- Born: 1966 (age 59–60) Tokyo, Japan
- Education: Japan Shiatsu College
- Occupation: Shiatsupractor
- Title: SPR

= Kiyoshi Ikenaga =

Japanese-Canadian shiatsu master

Kiyoshi Ikenaga (池永清, Ikenaga Kiyoshi) is a Shiatsu Master, Shiatsupractor (SPR), Chairperson and CEO of the Canadian College of Shiatsu Therapy, Founder/Director of the Canadian Shiatsu Society of BC, Director of the Canada Branch of the Japan Shiatsu Association, and Registered Instructor of the International Shiatsu Association.

==History==
Kiyoshi Ikenaga was born in Tokyo in 1966. He studied Shiatsu directly with Tokujiro Namikoshi at the Japan Shiatsu College in Tokyo. After graduation in 1986, he obtained the license of "Anma, Massage, and Shiatsu" granted by the Ministry of Health, Labour and Welfare of Japan. After moving to Canada in 1996, he practiced and taught Shiatsu at the Shiatsu Academy of Tokyo in Toronto.

==Accomplishments==
He established the Canadian College of Shiatsu Therapy in British Columbia and the Canadian Shiatsu Society of BC. He was appointed as the first Chairperson of the Canadian Branch of the Japan Shiatsu Association by the then Chairperson of the Japan Shiatsu Association, Tokujiro Namikoshi. Since then, he has endeavoured to popularize Shiatsu with Vancouver as his North American centre for the dissemination of Shiatsu. Graduates from the Canadian College of Shiatsu Therapy are participating as Shiatsupractors throughout Canada, the U.S.A., Europe and Australia.

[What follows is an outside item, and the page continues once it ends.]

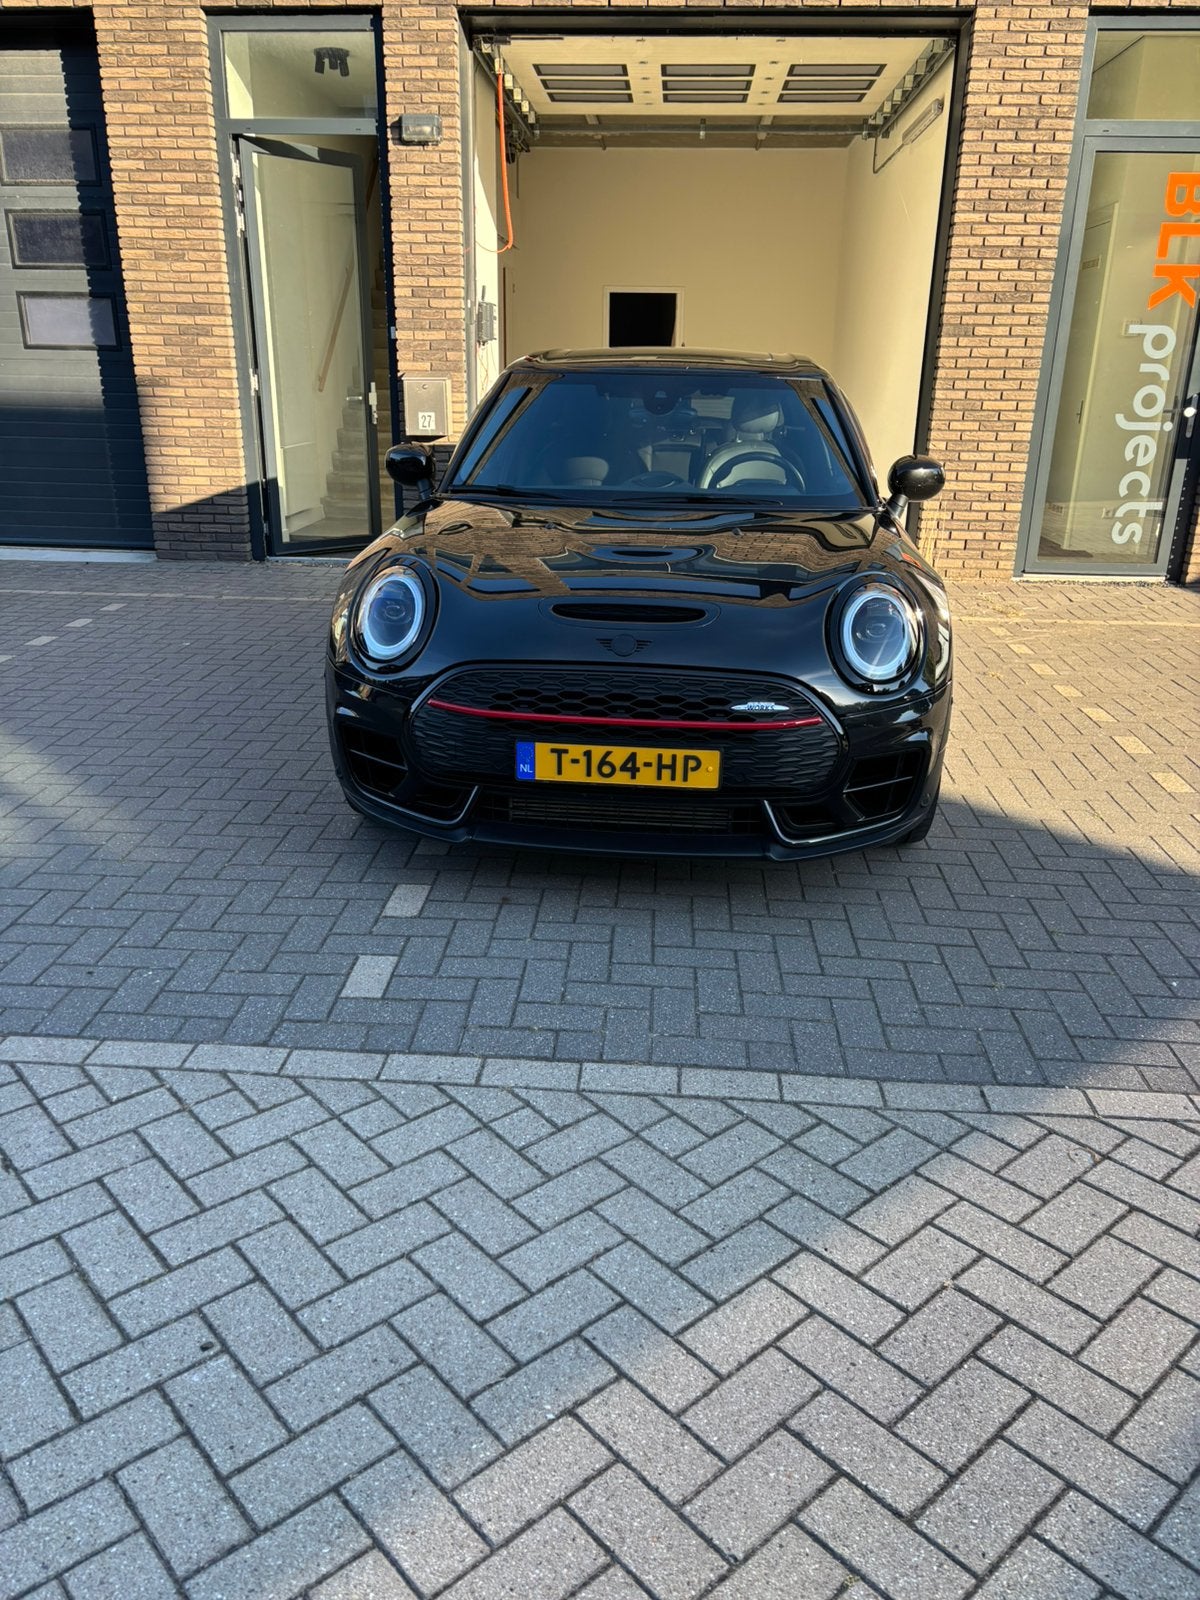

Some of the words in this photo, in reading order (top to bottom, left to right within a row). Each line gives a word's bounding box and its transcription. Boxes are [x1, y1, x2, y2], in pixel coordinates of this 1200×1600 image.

He is a proponent of Tsubo Shiatsu as it elucidates anatomical and physiological references to the Tsubos of Shiatsu. He is the author of the book Tsubo Shiatsu, the monograph Shiatsu and Its Overseas Diffusion and Shin-ryo Performed by a Shiatsupractor. His father, Takuo Ikenaga, is the current Executive Director of the Japan Shiatsu Association.